- Task requirements: Copy the data exactly, pictures aside.

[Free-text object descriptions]
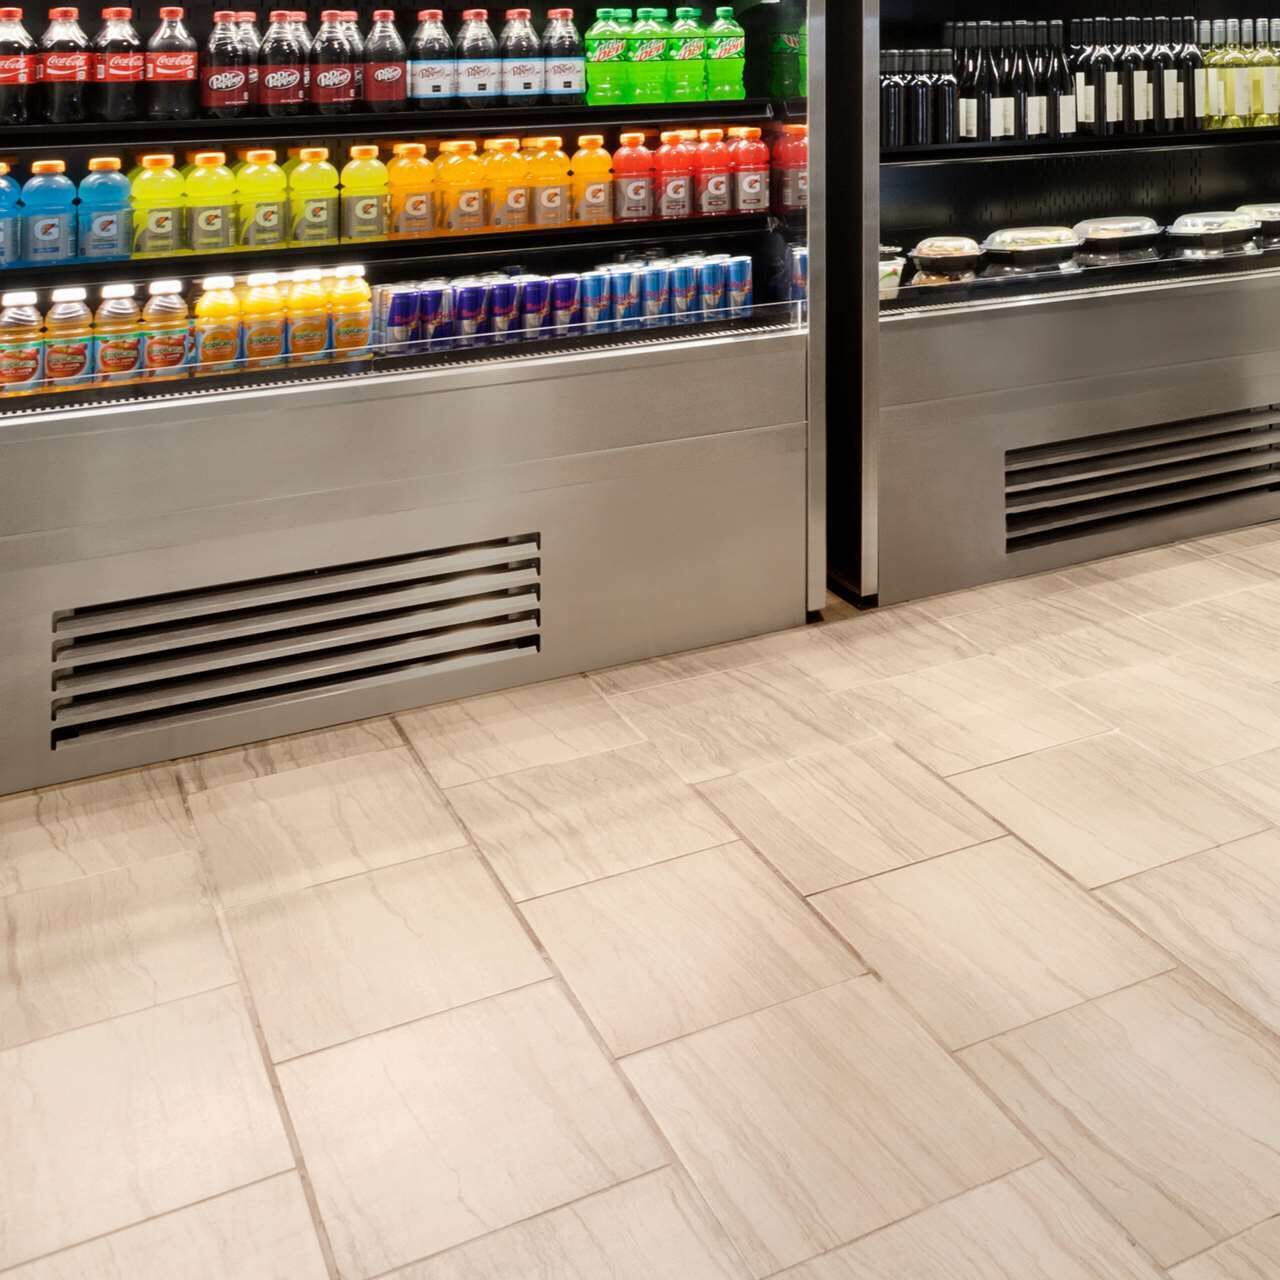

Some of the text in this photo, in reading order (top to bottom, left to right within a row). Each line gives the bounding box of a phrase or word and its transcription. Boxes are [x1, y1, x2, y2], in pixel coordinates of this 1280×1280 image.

[47, 55, 86, 69] Coca-Cola
[156, 55, 194, 69] Coca-Cola
[255, 205, 278, 227] G
[305, 202, 327, 223] G
[356, 198, 378, 219] G
[34, 218, 59, 239] G
[93, 215, 117, 236] G
[148, 209, 172, 233] G
[198, 209, 222, 233] G
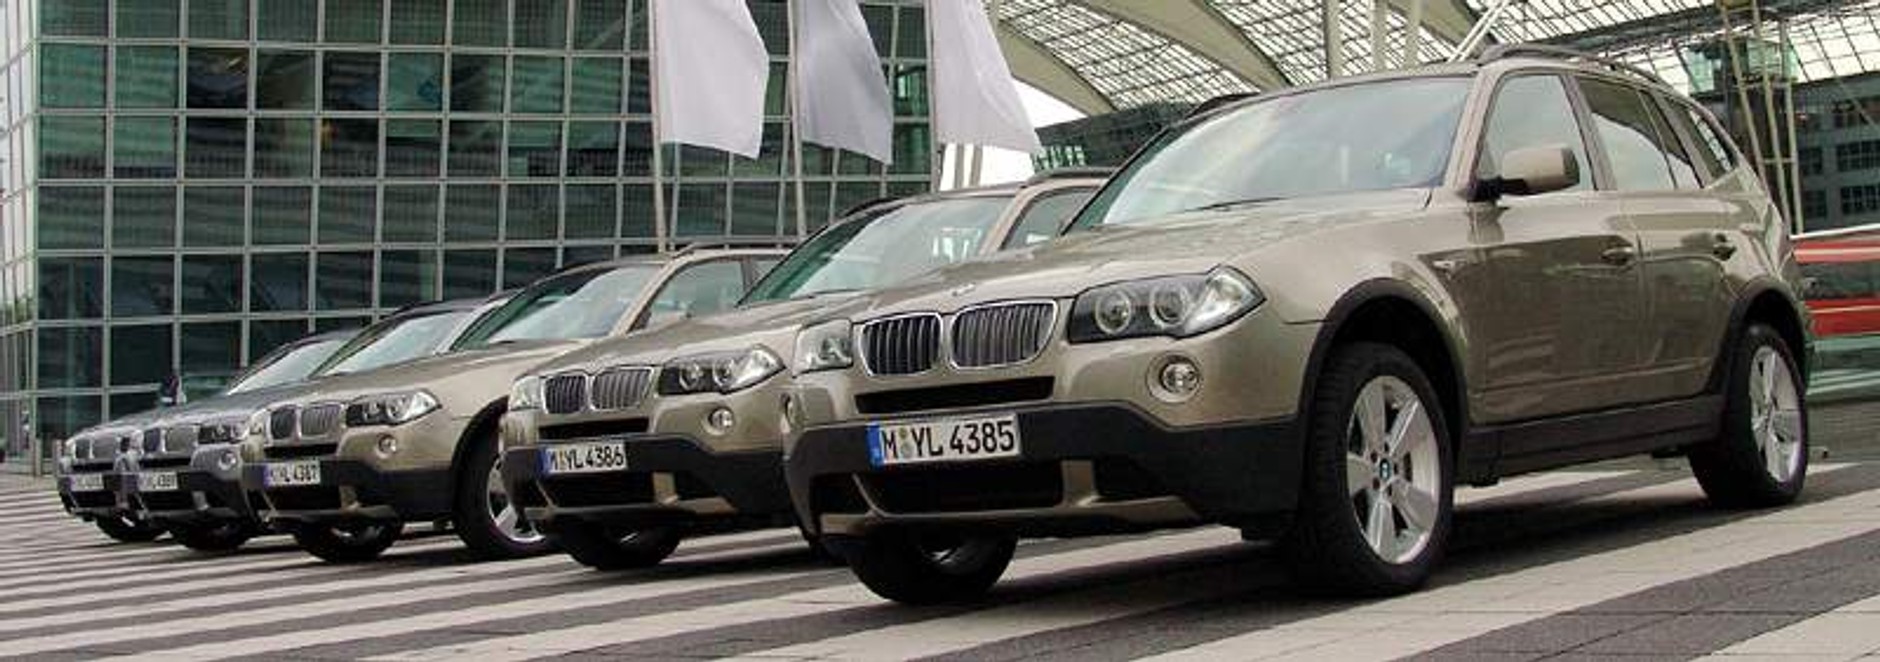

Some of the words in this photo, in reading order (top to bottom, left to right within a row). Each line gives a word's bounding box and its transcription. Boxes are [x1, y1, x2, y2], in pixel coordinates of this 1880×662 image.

[881, 428, 899, 459] M
[911, 426, 944, 457] YL
[950, 420, 1015, 454] 4385
[565, 448, 584, 470] YL
[586, 445, 624, 468] 4386
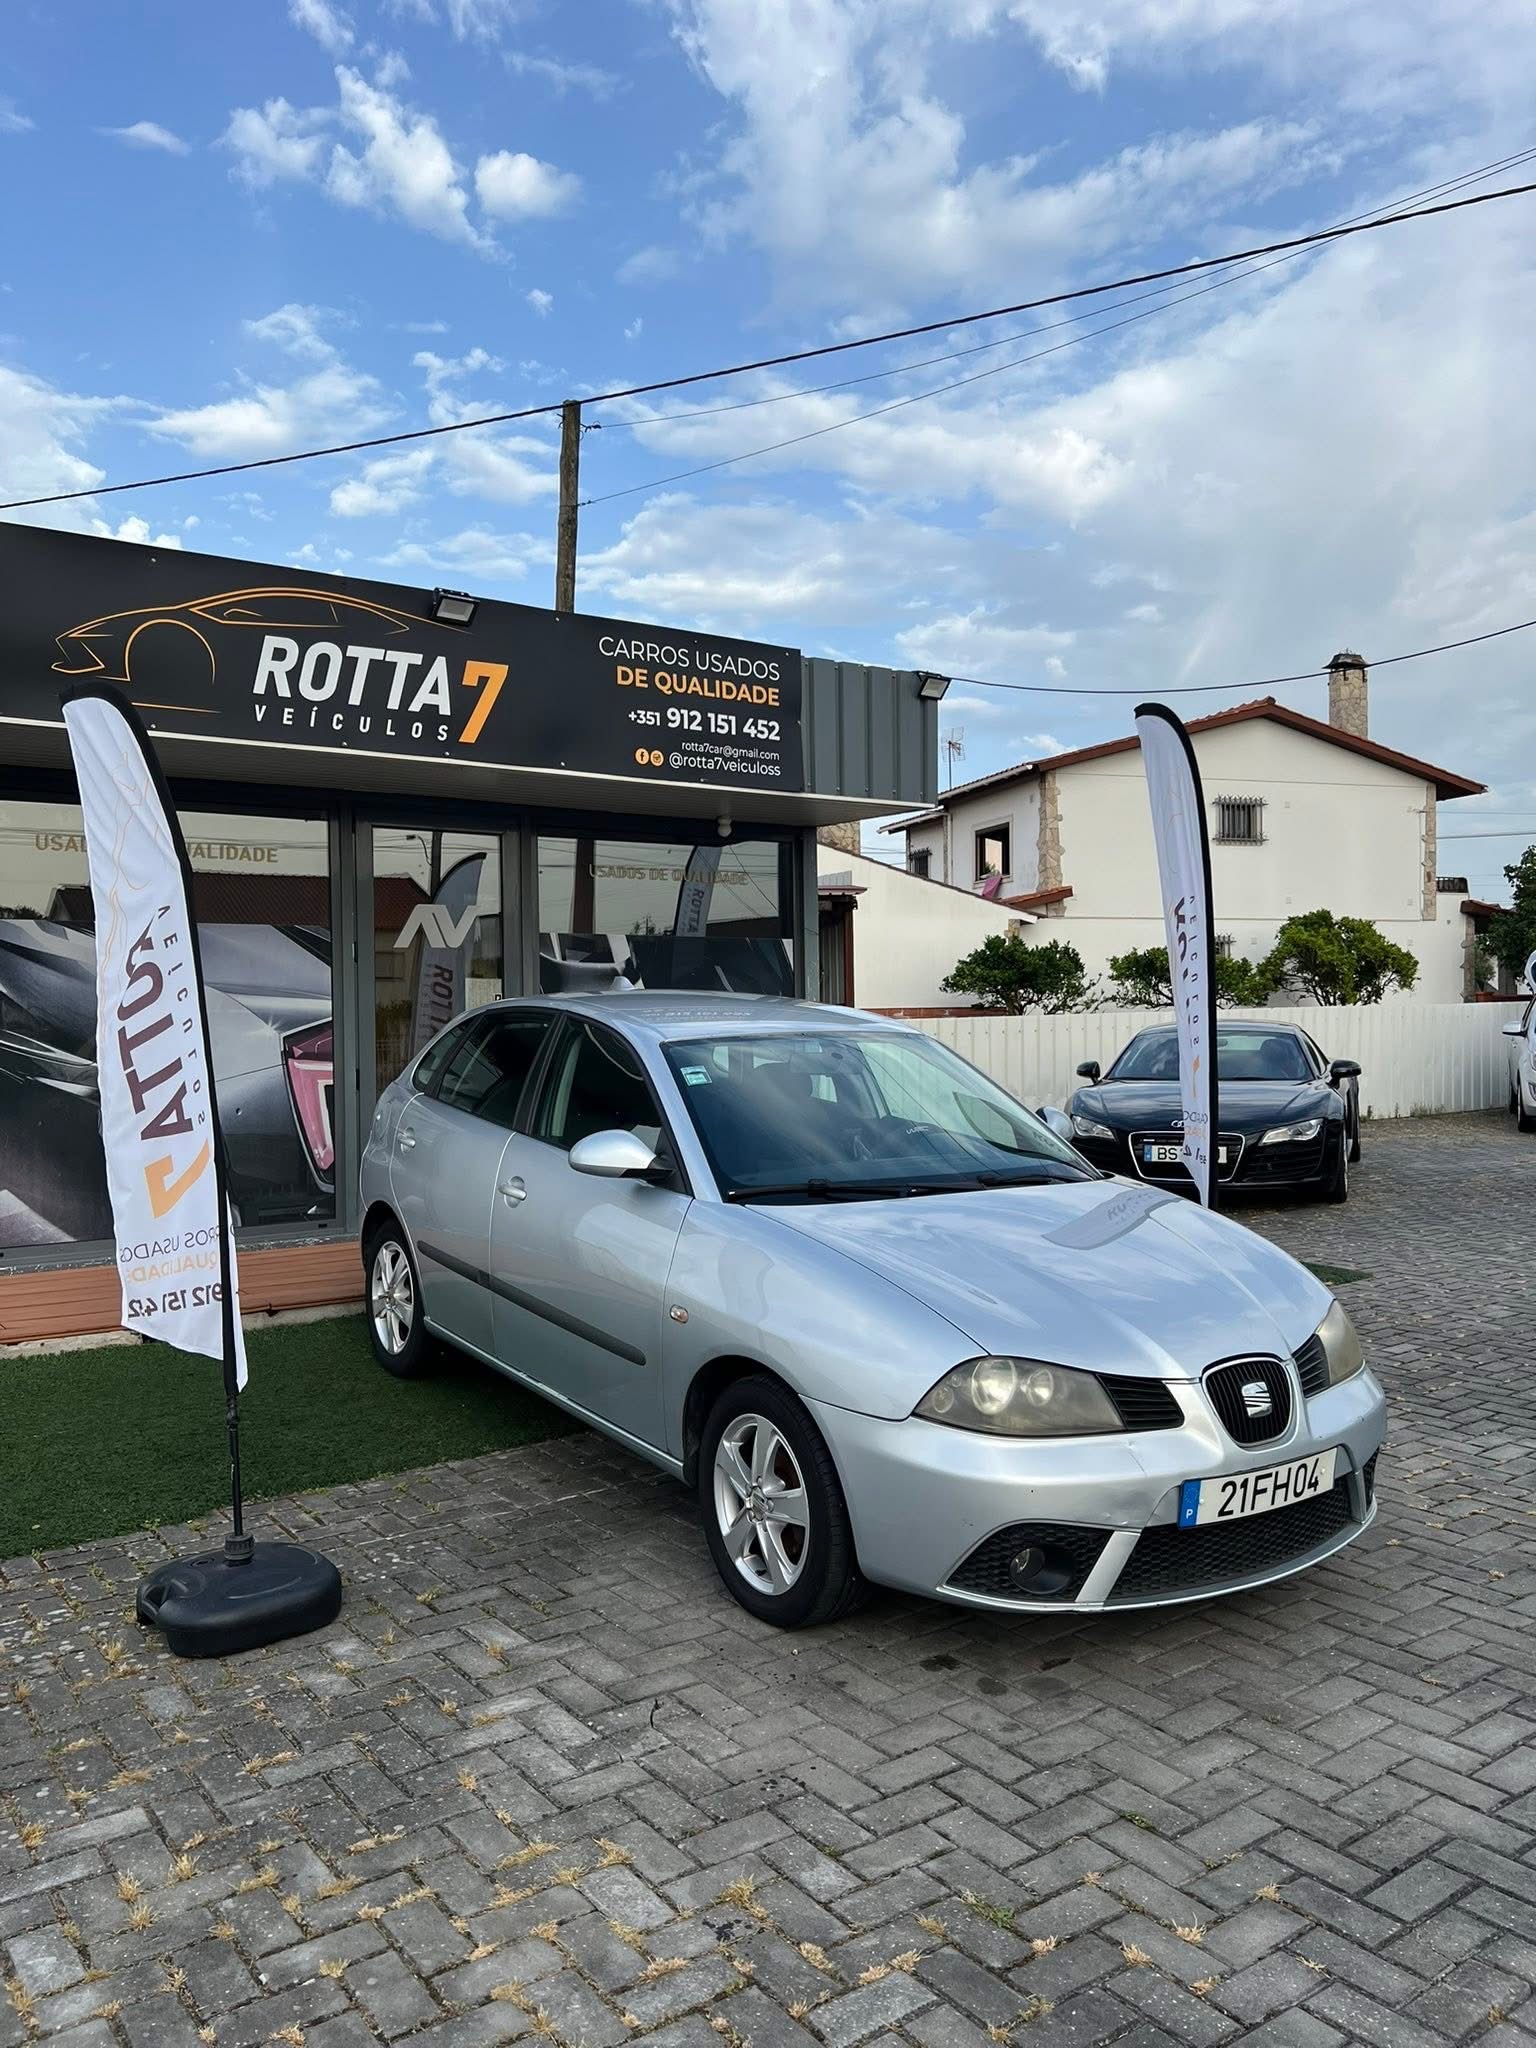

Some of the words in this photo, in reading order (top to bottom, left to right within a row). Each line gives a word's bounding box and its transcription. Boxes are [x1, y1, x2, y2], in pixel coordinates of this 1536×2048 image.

[599, 636, 690, 668] CARROS
[696, 650, 780, 681] USADOS
[253, 635, 451, 716] ROTTA
[459, 660, 509, 743] 7
[616, 665, 649, 688] DE
[654, 671, 780, 707] QUALIDADE
[254, 704, 449, 741] VEÍCULOS
[628, 709, 661, 726] +351
[666, 707, 703, 732] 912
[707, 712, 737, 736] 151
[743, 718, 781, 741] 452
[669, 752, 781, 776] @rotta7veiculoss
[681, 741, 780, 761] rotta7car@gmail.com
[1217, 1458, 1320, 1518] 21FH04

- Result for this exercise:
Some of the text in this photo, in reading order (top to bottom, left to right within a row). Each line gives the bounding box of a phrase or word and its transcription. Boxes are [x1, y1, x2, y2], in pixel coordinates of this 1280×1280 image.

[47, 55, 86, 69] Coca-Cola
[156, 55, 194, 69] Coca-Cola
[255, 205, 278, 227] G
[305, 202, 327, 223] G
[356, 198, 378, 219] G
[34, 218, 59, 239] G
[93, 215, 117, 236] G
[148, 209, 172, 233] G
[198, 209, 222, 233] G

Some of the words in this photo, in reading order (top to bottom, left to right within a row). Each line gives a word's bounding box and its transcription. Boxes are [x1, y1, x2, y2], in pixel coordinates of this 1880×662 image.

[881, 428, 899, 459] M
[911, 426, 944, 457] YL
[950, 420, 1015, 454] 4385
[565, 448, 584, 470] YL
[586, 445, 624, 468] 4386

Some of the words in this photo, in reading order (top to bottom, left to right within a row). Each line gives a word's bounding box and its transcription. Boxes are [x1, y1, x2, y2], in pixel coordinates of this 1536×2048 image.

[599, 636, 690, 668] CARROS
[696, 650, 780, 681] USADOS
[253, 635, 451, 716] ROTTA
[459, 660, 509, 743] 7
[616, 665, 649, 688] DE
[654, 671, 780, 707] QUALIDADE
[254, 704, 449, 741] VEÍCULOS
[628, 709, 661, 726] +351
[666, 707, 703, 732] 912
[707, 712, 737, 736] 151
[743, 718, 781, 741] 452
[669, 752, 781, 776] @rotta7veiculoss
[681, 741, 780, 761] rotta7car@gmail.com
[1217, 1458, 1320, 1518] 21FH04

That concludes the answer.